As the Assistant Operations and Intelligence Sergeant for my Special Forces Operational Detachment Alpha (ODA), my job was to always know the Five W’s of who, what, where, when and why operating within our corner of the marketplace. Maintaining this knowledge, staying ahead of the information overload curve, meant many 4 AM Video Conference briefs with higher command, partner agencies, intelligence analysts, theatre commands, and embassies and their country teams. As well as countless hours reading through tedious reports and reporting and open source materials to maintain a thorough picture of the competition and partners and allies operating within the theatre of operations, otherwise, the marketplace.
All of this research and scenario development and testing, a considerable amount of which is done on the 18F’s own time, is done for one single purpose.
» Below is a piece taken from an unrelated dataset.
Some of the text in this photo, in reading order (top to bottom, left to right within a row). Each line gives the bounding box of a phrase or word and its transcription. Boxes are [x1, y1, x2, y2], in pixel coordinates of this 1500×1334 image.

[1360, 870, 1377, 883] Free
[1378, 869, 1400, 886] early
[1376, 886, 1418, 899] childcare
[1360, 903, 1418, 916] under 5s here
The purpose of all this effort is so that we might at all times know the competitor’s (sic, enemy’s) Most Probable and Most Dangerous Courses of Action. That is, we have to support team, company and higher leadership with a well-developed understanding of how the competition, the enemy, and our own forces, partners and allies would respond to our presence and activities.
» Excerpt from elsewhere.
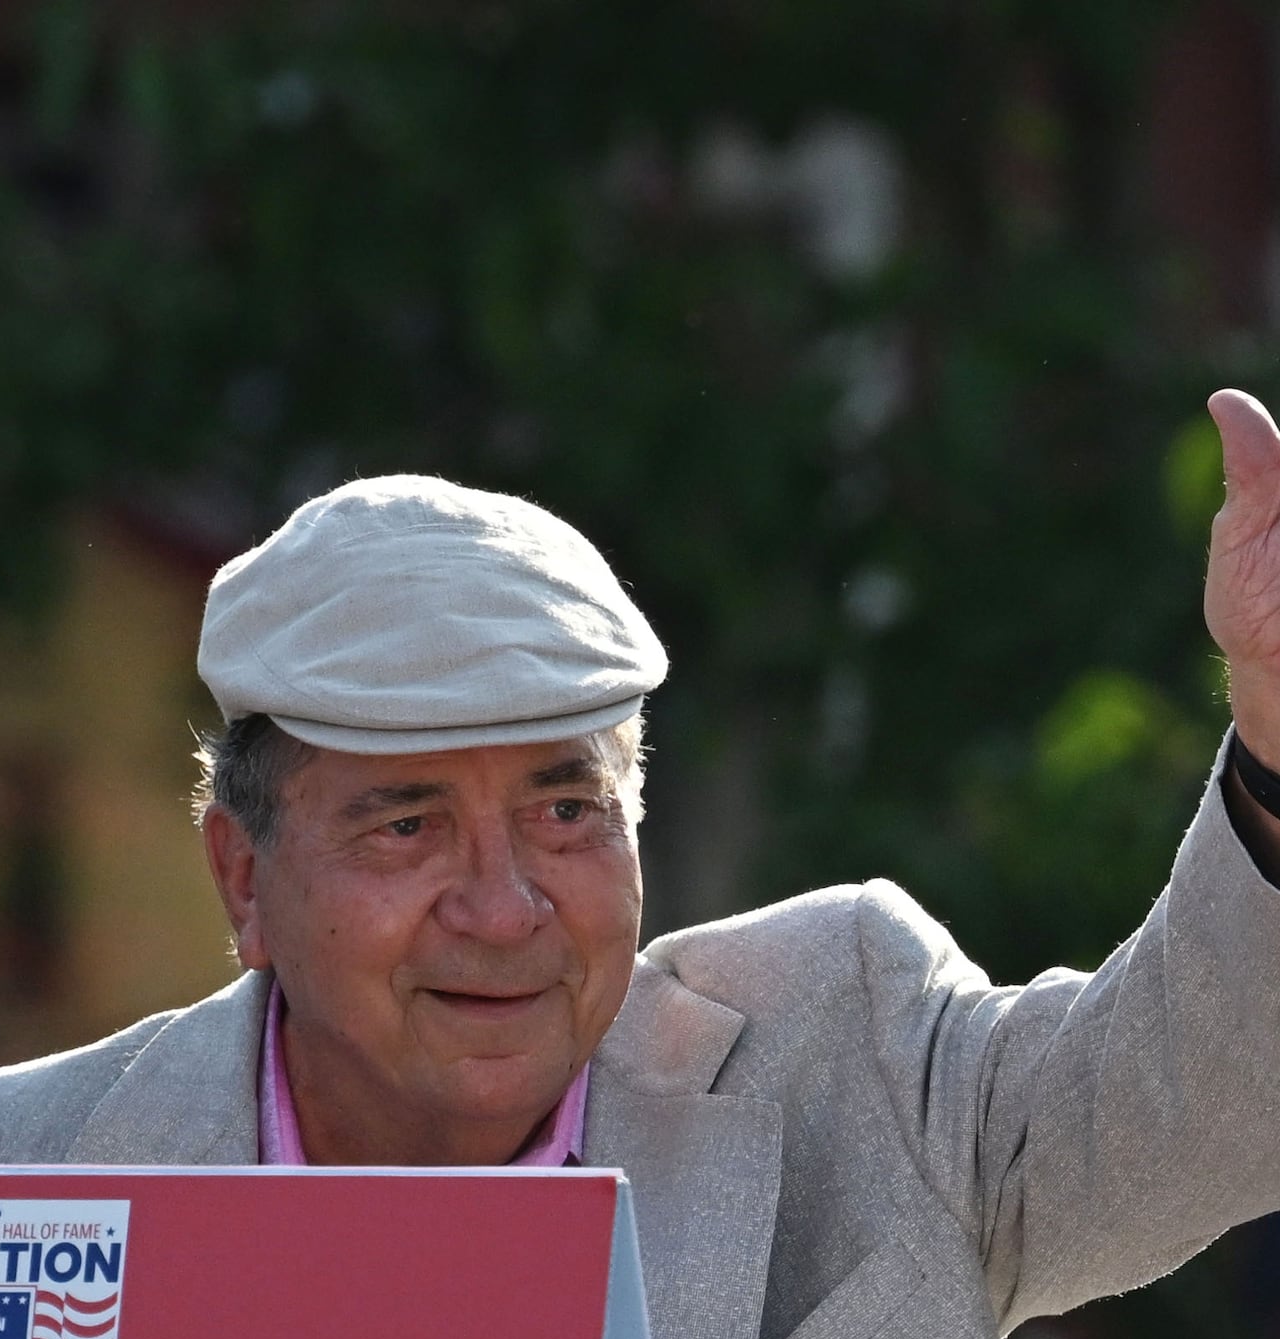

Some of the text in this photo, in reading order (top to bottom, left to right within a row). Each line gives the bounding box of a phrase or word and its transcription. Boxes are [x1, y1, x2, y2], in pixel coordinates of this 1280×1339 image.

[2, 1223, 37, 1239] HALL
[40, 1223, 60, 1239] OF
[63, 1223, 101, 1239] FAME
This need is the very same for business, even startups. Someone on the team must know the marketplace sufficiently that they can determine the MPCoA and MDCoA at any given time, for any given movement or activity within their market segment and associated segments.
Most Probable Course of Action –
Includes those actions the enemy can reasonably take and which are most probable with particular emphasis on specific and inferred reactions to friendly actions;
Most Dangerous Course of Action –
Those actions the enemy can reasonably take but is not likely to, however should the enemy choose, would require a serious departure from your own course of action.
The requirement to know the competitor’s MPCoA and MDCoA at each phase of the operation is critical to the ODA’s own Course of Action planning. Without knowing who the competition is in great detail, how they are positioned within the marketplace and the full spectrum of their reasonably taken responses, from benign to dangerous, any COA developed will be impossible to war-game. Without war-gaming proposed CoA’s there can be no real assessment of your plan. And a plan that has not stood the rigorous assessment provided through war-gaming is really not a plan at all.
This planning truth holds equally true for the battlefield of conventional and unconventional warfare as it does for the highly competitive and destructive battlefield of startups. One of the greatest difficulties when we talk with most first time startup management teams is a complete lack of awareness of the marketplace, of the competitors and partners and allies within, and how each and all are moving against and with one another and to what end. Far too often we hear, “Well, this has never been done before so there are no competitors,” or “Well, because of this unique little nuance no one will be able to compete with us.” These are of course always false statements.
As with the battlefield of war, there are always competitors! And as with quantum mechanics, the simple act of observation changes the observed. Meaning, in context of business, the very act of doing anything at all changes the environment, forcing all of the elements within that space, marketplace, to adjust accordingly, at times violently. Leading to, it does not matter how revolutionary and singular your business or product or service is, or if you are competing in a previously void domain within the marketplace, you are still competing-positioning for the spending dollars of the client, for skilled labor, for partners and allies and Capital at the least, if not also with local, national and foreign governments.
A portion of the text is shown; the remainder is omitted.